◆ **PROBLEM TO SOLVE**
What follows is a listing to transcribe exactly, leaving the pictures out.

◆ **GIVEN INFORMATION**
* * * * * * *

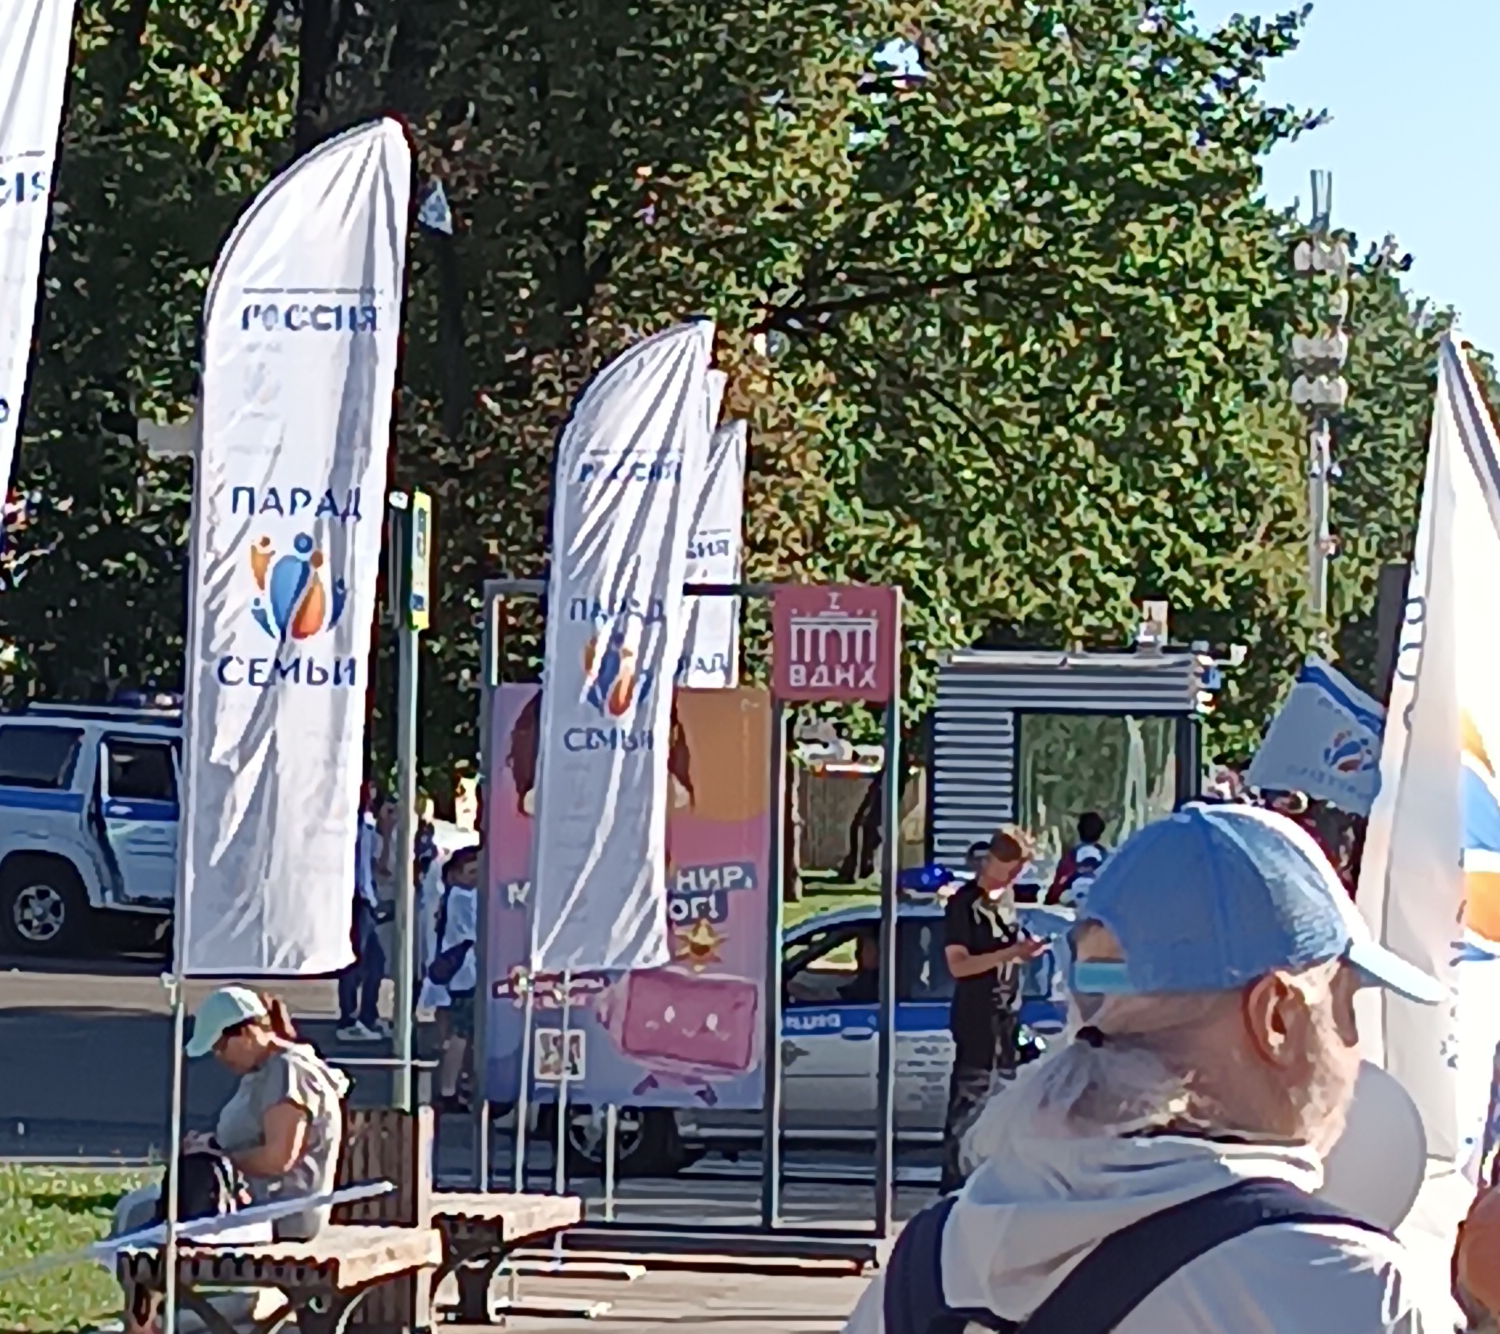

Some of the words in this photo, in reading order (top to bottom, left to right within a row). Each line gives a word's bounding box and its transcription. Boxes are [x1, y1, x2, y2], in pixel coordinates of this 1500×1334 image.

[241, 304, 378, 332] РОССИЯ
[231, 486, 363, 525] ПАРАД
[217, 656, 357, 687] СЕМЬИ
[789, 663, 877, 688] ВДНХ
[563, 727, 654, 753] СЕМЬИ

* * * * * * *

◆ **COMPLETED EXERCISE**
Some of the words in this photo, in reading order (top to bottom, left to right within a row). Each line gives a word's bounding box and its transcription. Boxes are [x1, y1, x2, y2], in pixel coordinates of this 1500×1334 image.

[241, 304, 378, 332] РОССИЯ
[231, 486, 363, 525] ПАРАД
[217, 656, 357, 687] СЕМЬИ
[789, 663, 877, 688] ВДНХ
[563, 727, 654, 753] СЕМЬИ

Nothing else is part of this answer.